Zé das Cabras
A Discussão no Monte do Zé das Cabras

No pequeno monte onde só se ouvia o balir das cabras e o cantar dos grilos, o silêncio foi interrompido por uma acesa discussão. Dona Elvira, com a foice na mão e um avental sujo de terra, vinha em passo acelerado em direção ao terreno do vizinho, o Senhor Aurélio.
— Oh Aurélio, mas o que é isto que estou a ver? Estás a enterrar estacas no meio do teu terreno? Desde quando é que se constroem casas em terra de batatas!?
— Desde que saiu a nova lei, minha cara vizinha! Agora o terreno é meu, e posso fazer aqui a casa que bem me apetecer. A Câmara até aprovou o meu projeto! Vou construir uma vivenda com piscina e, se tudo correr bem, ainda faço um anexo para arrendar no verão!
Dona Elvira (esbugalhando os olhos):
— Vivenda?! Piscina?! Mas tu perdeste o juízo, homem! E as minhas galinhas? Onde é que elas vão ciscar agora, hein? Já te disse que este vento de sul vai trazer todo o pó da tua obra para os meus canteiros!
— Ora, não sejas exagerada! Ainda vais gostar de vir aqui nadar na piscina no verão. Além disso, eu também tenho direitos. E quem sabe? Com o turismo a crescer, o monte até pode valorizar!
Dona Elvira (indignada):
— Valorizo é o meu silêncio e a paz! Já basta as tuas cabras invadirem o meu quintal, e agora queres trazer obras, betoneiras e gente estranha para aqui?!
Nesse momento, o Senhor Manuel, dono da taberna local, passava com o trator e decidiu intervir.

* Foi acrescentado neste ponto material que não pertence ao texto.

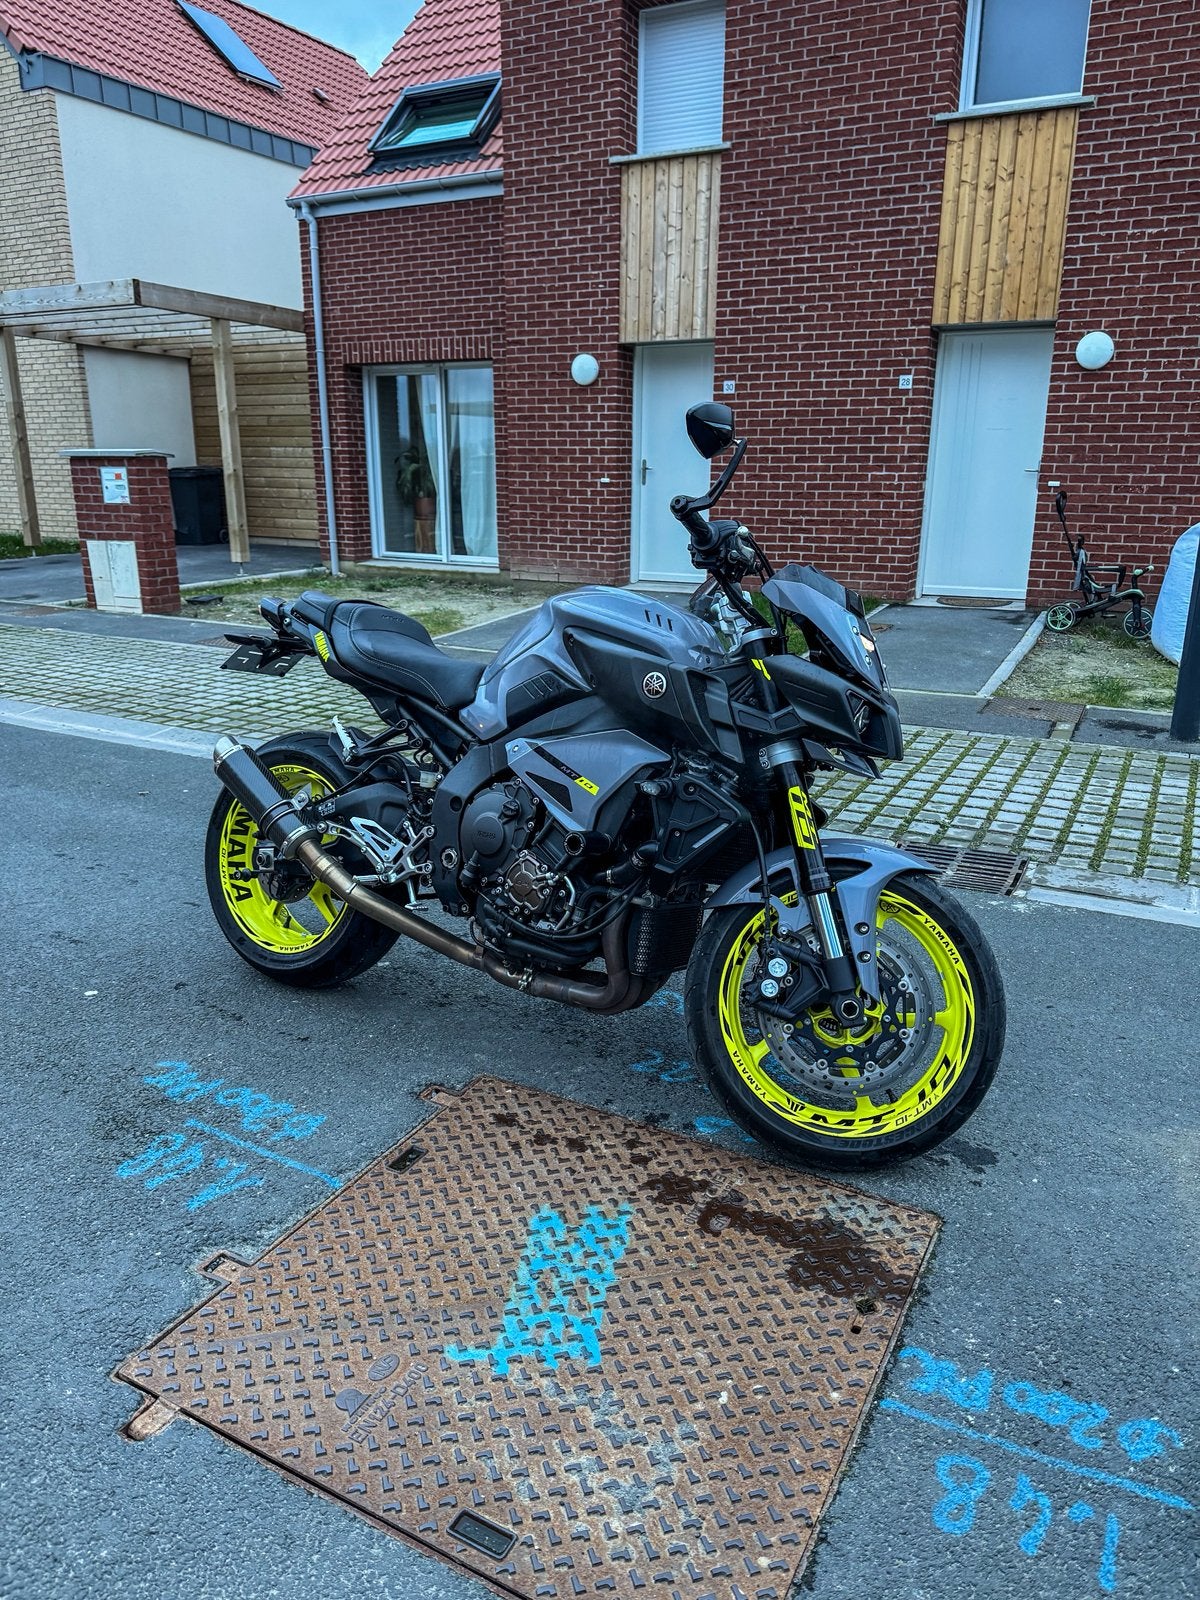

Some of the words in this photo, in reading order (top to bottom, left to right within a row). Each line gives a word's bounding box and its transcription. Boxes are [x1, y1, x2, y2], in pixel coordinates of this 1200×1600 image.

[725, 383, 734, 391] 30
[901, 377, 911, 387] 28
[314, 630, 330, 663] YAMAHA
[227, 805, 254, 902] MAHA
[279, 942, 310, 951] YAMAHA
[923, 916, 961, 965] YAMAHA
[732, 1049, 768, 1099] YAMAHA

— Calma, calma, vizinhos! Já estão a fazer barulho suficiente para assustar os coelhos da serra. Aurélio, tens a certeza que podes mesmo construir aqui? Sabes que se a obra não cumprir o prazo, vais ter que deitar tudo abaixo, não sabes?

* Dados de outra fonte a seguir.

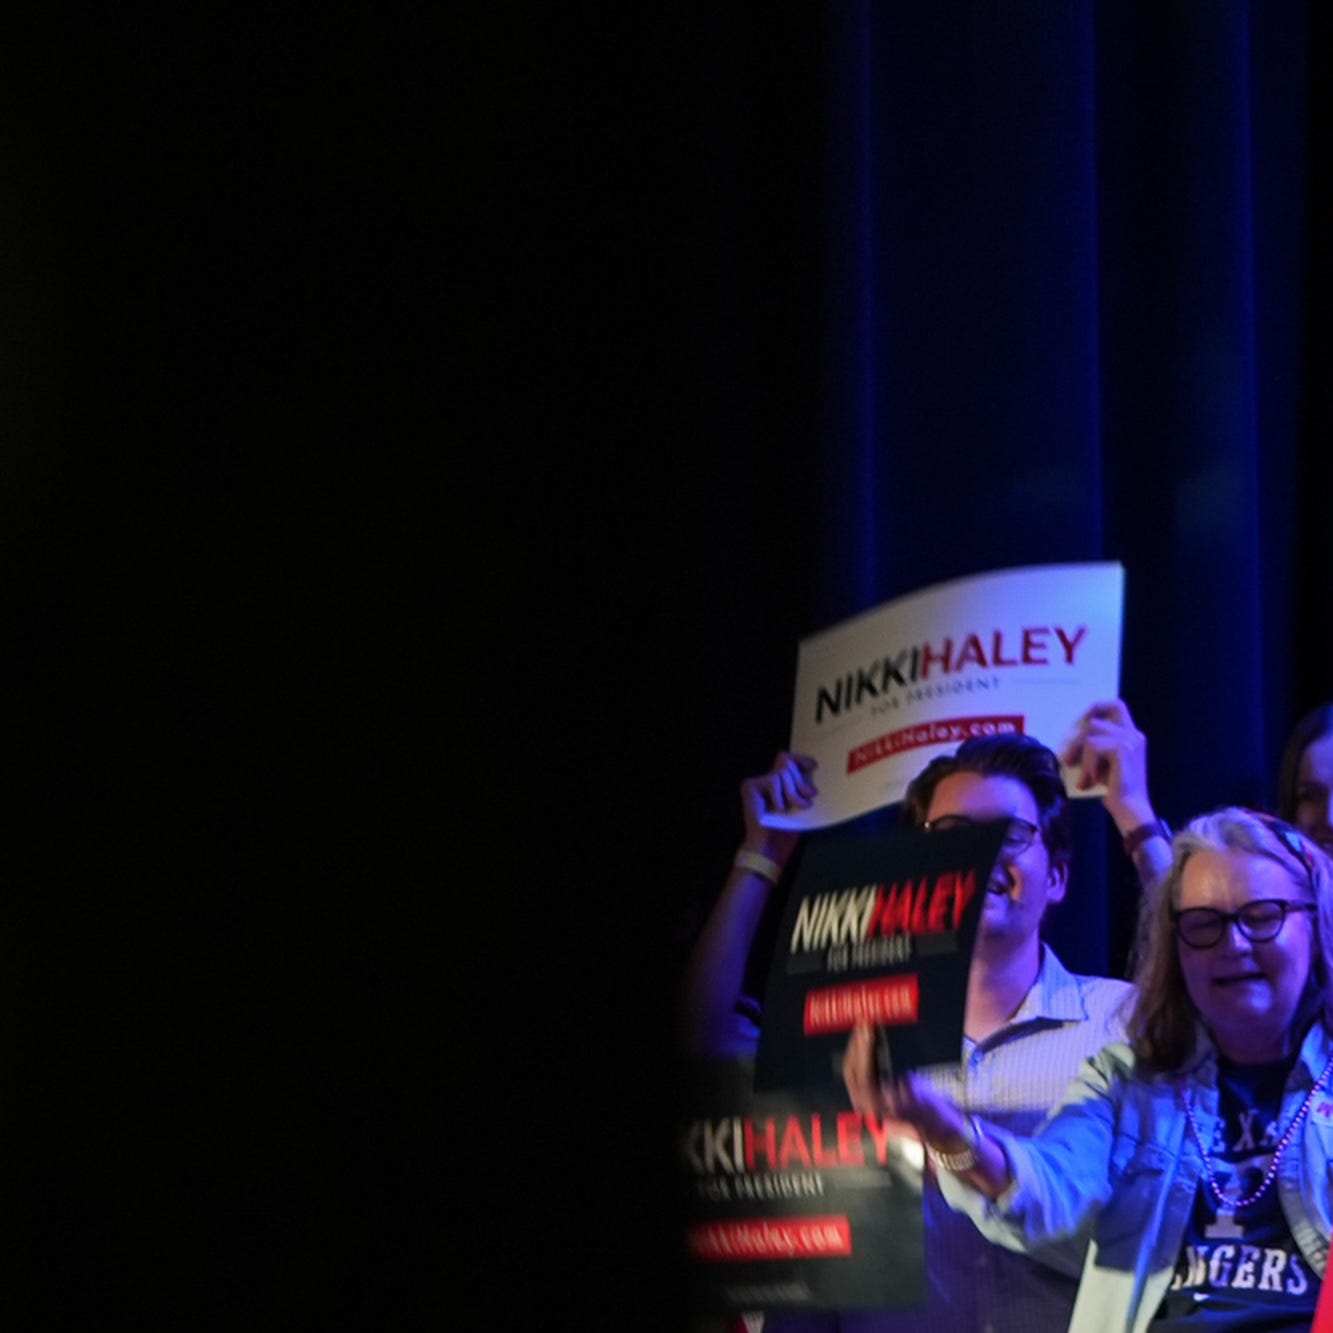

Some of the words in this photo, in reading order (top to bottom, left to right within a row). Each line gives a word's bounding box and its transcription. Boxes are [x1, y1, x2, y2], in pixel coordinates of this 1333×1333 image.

[815, 626, 1087, 724] NIKKIHALEY
[790, 868, 977, 956] NIKKIHALEY
[1171, 1243, 1308, 1295] NGERS
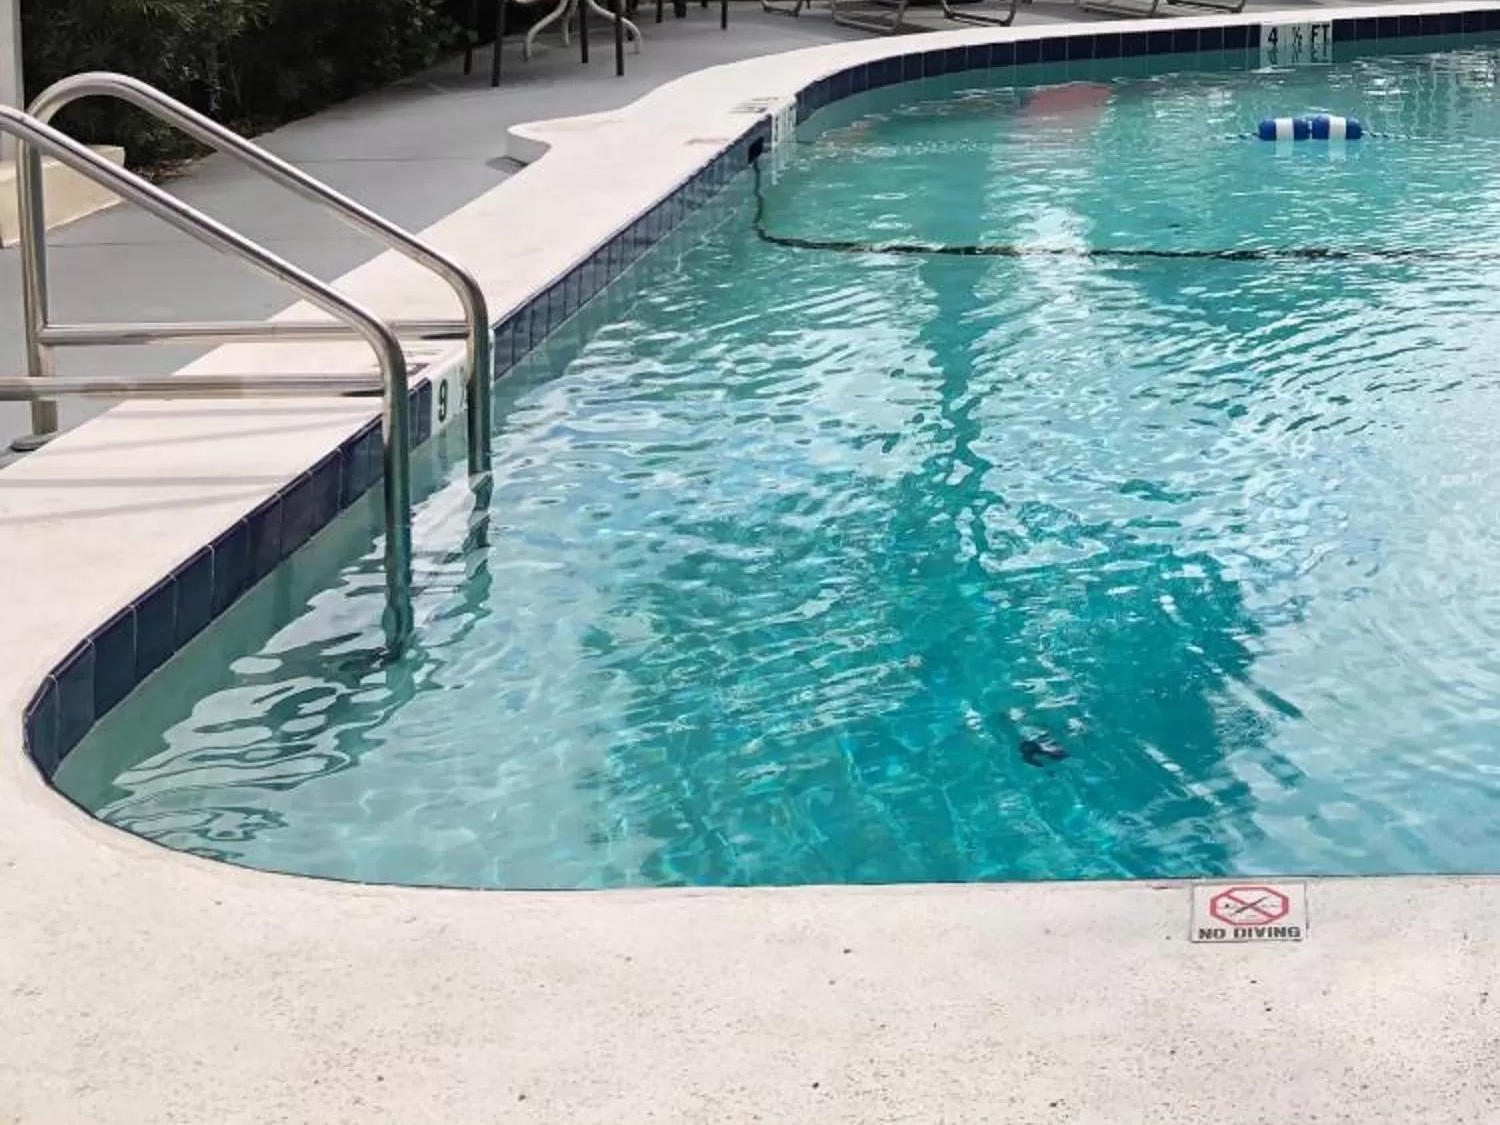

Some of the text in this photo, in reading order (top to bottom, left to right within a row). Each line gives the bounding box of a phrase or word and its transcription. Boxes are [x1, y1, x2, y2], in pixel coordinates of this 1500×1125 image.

Senhor Aurélio (com ar hesitante):
— Isso… isso é só se eu não cumprir, mas vai correr tudo bem!
Dona Elvira (cruzando os braços):
— E quando começares a furar para a piscina, vais descobrir que este terreno está cheio de pedras! Vais gastar mais dinheiro a tirá-las do que a construir a casa. Isso se não deres com a nascente da mina e inundares tudo!

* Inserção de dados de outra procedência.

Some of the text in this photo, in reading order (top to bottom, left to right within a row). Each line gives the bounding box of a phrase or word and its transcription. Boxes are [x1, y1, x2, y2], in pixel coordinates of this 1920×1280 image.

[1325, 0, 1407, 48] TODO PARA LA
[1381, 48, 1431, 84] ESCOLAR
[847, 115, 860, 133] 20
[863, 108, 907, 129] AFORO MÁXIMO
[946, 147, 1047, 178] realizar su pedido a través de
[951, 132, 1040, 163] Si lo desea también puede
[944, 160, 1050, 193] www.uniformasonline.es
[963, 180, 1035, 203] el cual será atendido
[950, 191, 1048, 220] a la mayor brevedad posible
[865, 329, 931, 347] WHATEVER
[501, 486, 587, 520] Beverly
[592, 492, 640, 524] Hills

Senhor Aurélio (rindo nervosamente):
— Eh… isso são só histórias antigas. Este terreno é sólido como um rochedo.
Senhor Manuel:
— Rochas, sim. Da última vez que alguém tentou cavar aqui, o trator ficou preso por três dias!
A discussão foi interrompida pela chegada de Dona Amélia, a mais velha da aldeia, que vinha apoiada na sua bengala.
— Ouçam-me bem, seus teimosos. Já andei a viver tempo suficiente para ver gente a cavar, construir e depois abandonar. Este monte é terra de trabalho, não de mansões! Aurélio, pensa bem antes de trazer o "progresso". E Elvira, tu também, dá-lhe um pouco de espaço.
O silêncio voltou por alguns segundos, até que
Dona Elvira murmurou:
— Mansões ou não, se este pómeiro secar por causa das tuas obras, Aurélio, vais comer maçãs de plástico o resto da tua vida!
Senhor Aurélio:
— Está bem, está bem! Eu depois convido todos para um churrasco, com maçãs assadas e tudo.
Apesar da tensão, a aldeia ficou curiosa para ver como essa "mansão" acabaria por nascer – ou não – no meio do antigo terreno rústico. E assim, o Monte do Zé das Cabras entrou na história como o palco das primeiras consequências da nova lei.